In the MMA, Congress also mandated reports on specialty hospitals from the Medicare Payment Advisory Commission (MedPAC) and the Secretary of the Department of Health and Human Services (DHHS). In March 2005, MedPAC issued its report on specialty hospitals, which examined the mix of patients and costs among such hospitals and their financial effect on general hospitals.5 MedPAC recommended modifications to Medicare’s hospital payment system that would minimize unintended payment advantages to certain hospitals and extend the moratorium to allow time to evaluate its payment recommendations and learn more about specialty hospitals. The May 2005 DHHS report, completed by the Centers for Medicare & Medicaid Services (CMS), compared the referrals to and quality of care in specialty hospitals and general hospitals.6 Based on this report, CMS indicated that it would evaluate revisions to Medicare’s payment systems, including those recommended by MedPAC, and examine whether specialty hospitals meet existing definitions of hospitals.7
Even with the release of these two mandated studies, and the GAO research that preceded them,8 important questions about the effects of specialty hospitals on health care delivery have not been fully addressed. How would Medicare payment changes affect the growth in specialty hospitals? What is the quality of care provided in specialty hospitals? What is the cost of care? Do specialty hospitals disadvantage the general hospitals in their markets? How do general hospitals respond to competition from specialty hospitals? Do specialty hospitals generate additional referrals for services? Do the financial interests of physician-owners affect their clinical decision making? The answers to these questions are likely to vary across health care markets and may change over time as health care providers and payers adapt to these new facilities.
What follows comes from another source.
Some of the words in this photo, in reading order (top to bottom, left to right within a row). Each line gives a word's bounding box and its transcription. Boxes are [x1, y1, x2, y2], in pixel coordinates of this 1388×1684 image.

Medicare Payment Policy and Specialty Hospitals
To respond to its mandate to examine the mix and costs of patients treated in specialty hospitals, MedPAC conducted an extensive analysis of Medicare’s hospital inpatient prospective payment system (IPPS) and the relation between IPPS payments and costs of care in specialty hospitals.
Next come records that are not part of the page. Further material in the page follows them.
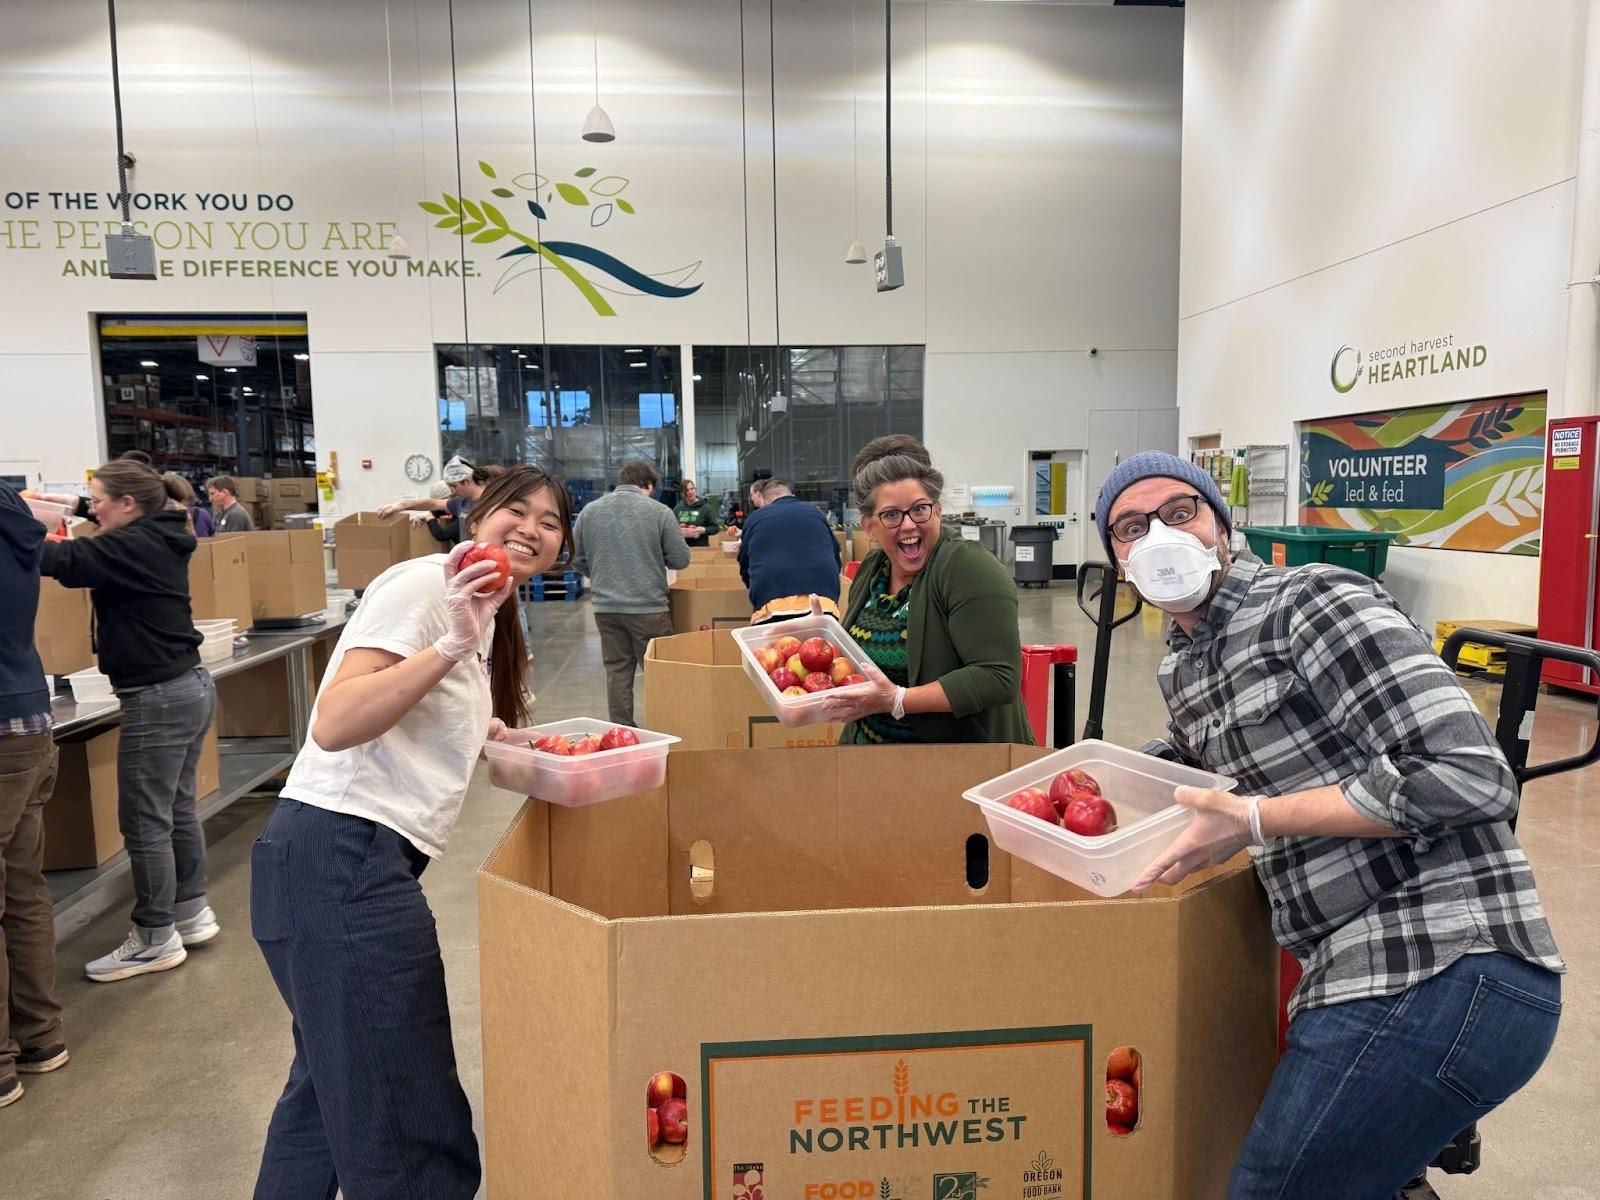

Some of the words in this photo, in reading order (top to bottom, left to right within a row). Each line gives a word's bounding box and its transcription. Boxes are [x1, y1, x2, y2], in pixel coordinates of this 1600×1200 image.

[5, 192, 39, 209] OF
[48, 192, 98, 210] THE
[107, 193, 187, 210] WORK
[196, 193, 248, 211] YOU
[257, 194, 293, 211] DO
[225, 221, 308, 250] YOU
[183, 260, 338, 277] DIFFERENCE
[347, 260, 397, 277] YOU
[407, 260, 481, 277] MAKE.
[1369, 342, 1406, 361] second
[1411, 333, 1454, 354] harvest
[1368, 345, 1487, 385] HEARTLAND
[1554, 430, 1580, 439] NOTICE
[1328, 454, 1428, 478] VOLUNTEER
[1345, 481, 1365, 502] led
[1368, 484, 1378, 501] &
[1382, 480, 1404, 502] fed
[1156, 567, 1176, 576] 3M
[795, 1091, 960, 1124] FEEDING
[967, 1097, 1010, 1114] THE
[790, 1115, 1027, 1154] NORTHWEST
[1023, 1169, 1063, 1183] OREGON
[804, 1181, 876, 1200] FOOD
[1023, 1186, 1041, 1198] FOOD
[1043, 1184, 1062, 1195] BANK
Under the IPPS, Medicare pays hospitals a per case amount that varies depending on the expected resource use of the patient, as measured by the patient’s diagnosis-related group (DRG) assignment. One of approximately 500 DRGs is assigned to each Medicare patient on the basis of diagnosis, secondary diagnoses, procedures, and certain patient characteristics. Each DRG is associated with a payment amount meant to reflect the average cost of patients within that group. This case-mix adjustment to Medicare payments is intended to ensure that hospitals are not financially rewarded or penalized by their mix of patients. MedPAC’s analysis, however, demonstrated that this adjustment is flawed, such that some hospitals are inadvertently advantaged and others are disadvantaged by their patient mix.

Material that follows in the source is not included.